The second category relates to the utilization of attribute information:
  • Attribute information ablation assesses the significance of attribute information by removing the attribute channel and the update mechanism, thereby retaining only the behavior channel for model operation. This is implemented by setting γ = 0 and excluding the attribute hypergraph channel H A . The full model outperforms this ablation by an average of 1.86%, 6.17%, and 18.30% across the three datasets, respectively. This underscores the critical role that attribute information plays in collaborative filtering, notably in fostering similarities among users and items, a fundamental aspect of the collaborative filtering approach. Interestingly, this ablation model exhibits better performance than subsequent ablations that incorporate attributes, which can be attributed to the high sparsity and imbalance of the attribute data we employ, which, if not handled properly, could detrimentally affect performance. Nevertheless, our HCFA method effectively addresses these issues of sparsity and avoids error propagation, thereby unlocking the full potential and benefits of integrating attribute information into the recommendation process.
  • Attribute inference ablation seeks to determine the contribution of attribute inference by setting γ = 0 , which means using attribute information solely for constructing hypergraph structures and not for optimization. The full model outperforms this ablation by an average of 0.91%, 17.20%, and 31.21% across the three datasets, respectively, indicating the effectiveness of attribute inference.
  • Attribute selection ablation evaluates the effectiveness of the attribute selection module by setting β = 1 , which indicates that all attributes are subject to updates.

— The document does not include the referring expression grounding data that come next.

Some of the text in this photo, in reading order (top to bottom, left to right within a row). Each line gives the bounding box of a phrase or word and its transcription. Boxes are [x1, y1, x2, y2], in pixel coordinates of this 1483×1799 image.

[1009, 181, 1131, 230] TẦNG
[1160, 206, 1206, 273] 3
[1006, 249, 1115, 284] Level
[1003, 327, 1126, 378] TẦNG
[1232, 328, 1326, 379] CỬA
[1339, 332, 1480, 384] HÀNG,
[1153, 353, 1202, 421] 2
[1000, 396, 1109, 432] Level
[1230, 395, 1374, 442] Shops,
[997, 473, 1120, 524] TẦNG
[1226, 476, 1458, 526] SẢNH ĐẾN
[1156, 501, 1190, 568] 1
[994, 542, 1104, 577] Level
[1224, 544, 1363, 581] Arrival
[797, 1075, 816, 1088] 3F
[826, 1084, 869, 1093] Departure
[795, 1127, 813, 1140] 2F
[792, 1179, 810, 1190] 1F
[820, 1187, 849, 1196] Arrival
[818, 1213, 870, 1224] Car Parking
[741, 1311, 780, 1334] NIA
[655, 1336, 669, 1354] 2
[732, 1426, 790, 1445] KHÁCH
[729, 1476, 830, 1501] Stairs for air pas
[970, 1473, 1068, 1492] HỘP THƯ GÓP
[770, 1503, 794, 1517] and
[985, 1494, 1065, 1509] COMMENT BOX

The full model outperforms this ablation by an average of 0.91%, 17.20%, and 31.21% across the three datasets, respectively, demonstrating the efficacy of selective attribute updating based on the proposed BAC. The validity of BAC is also confirmed in Section 5.2.
  • Attribute update ablation sets the update number L = 0 to assess the impact of the attribute update mechanism. The full model outperforms this ablation by an average of 6.14%, 13.18%, and 20.89% across the three datasets, respectively, indicating the effectiveness of attribute updates informed by the proposed BAC.

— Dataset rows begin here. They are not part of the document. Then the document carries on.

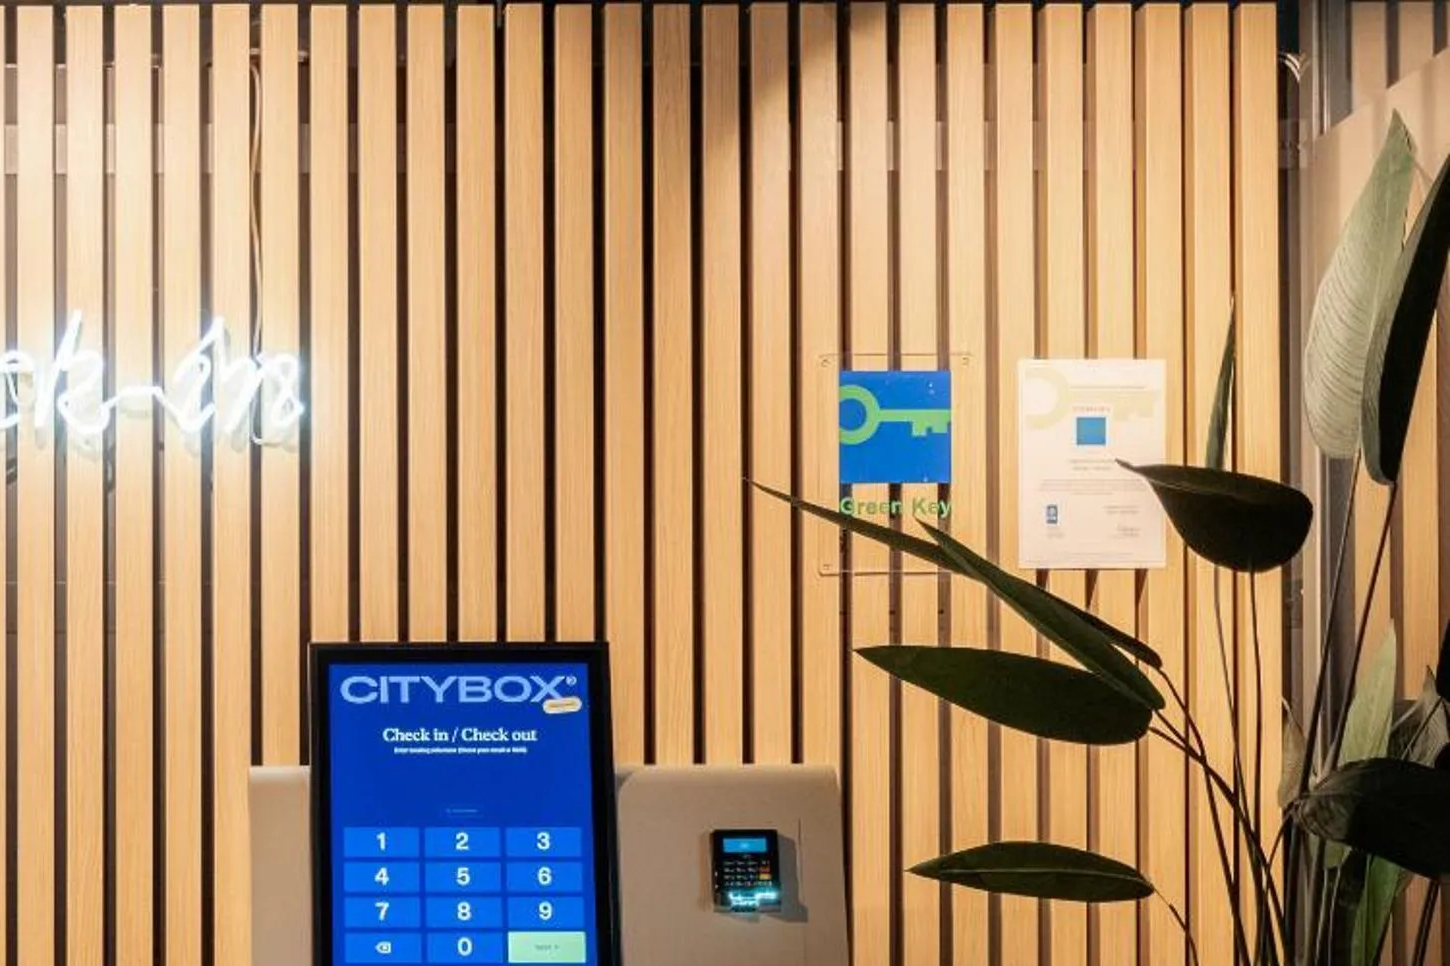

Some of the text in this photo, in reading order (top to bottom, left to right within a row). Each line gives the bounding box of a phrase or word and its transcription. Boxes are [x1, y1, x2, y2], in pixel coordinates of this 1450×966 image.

[840, 497, 950, 518] Green Key
[382, 727, 431, 742] Check
[433, 727, 449, 742] in
[461, 727, 509, 742] Check
[512, 729, 538, 742] out
[376, 833, 550, 849] 1 2 3
[375, 868, 551, 884] 4 5 6
[376, 903, 552, 920] 7 8 9
[458, 938, 472, 955] 0

5.5. Sensitivity Analysis (Q4)

To investigate the robustness of our model and identify key influencing hyper-parameters, we conduct sensitivity analyses. Firstly, we varied the value of γ from 0.0001 to 0.5, as per Equation (15), with the results displayed in Figure 5. The model demonstrates optimal performance at γ values of 0.01, 0.001, and 0.001 for the three datasets, respectively.
Next, we explore the influence of the hyper-parameter β , which represents the proportion of attributes with high behavior-based attribute confidence (BAC) selected for updates (Section 4.5). We adjusted β from 0.1 to 0.9 and found that the model performance initially increases with more high-BAC attributes included for training. The optimal performance is achieved at β values of 0.8, 0.4, and 0.2 for the respective datasets, as shown in Figure 6. However, performance declines when β becomes too large, incorporating too many attributes with low behavioral relevance, as consistent with observations in Section 5.2.
Finally, we assess the impact of the numbers of hypergraph and graph convolution layers, K and J, ranging from 1 to 5. As shown in Figure 7 and Figure 8, the model performs well across all datasets with K and J set to 1 or 2. However, higher values lead to a decline in performance due to over-smoothing, a phenomenon where vertex features converge and become less distinctive. Therefore, we commonly select 2 as the value for both K and J layer numbers.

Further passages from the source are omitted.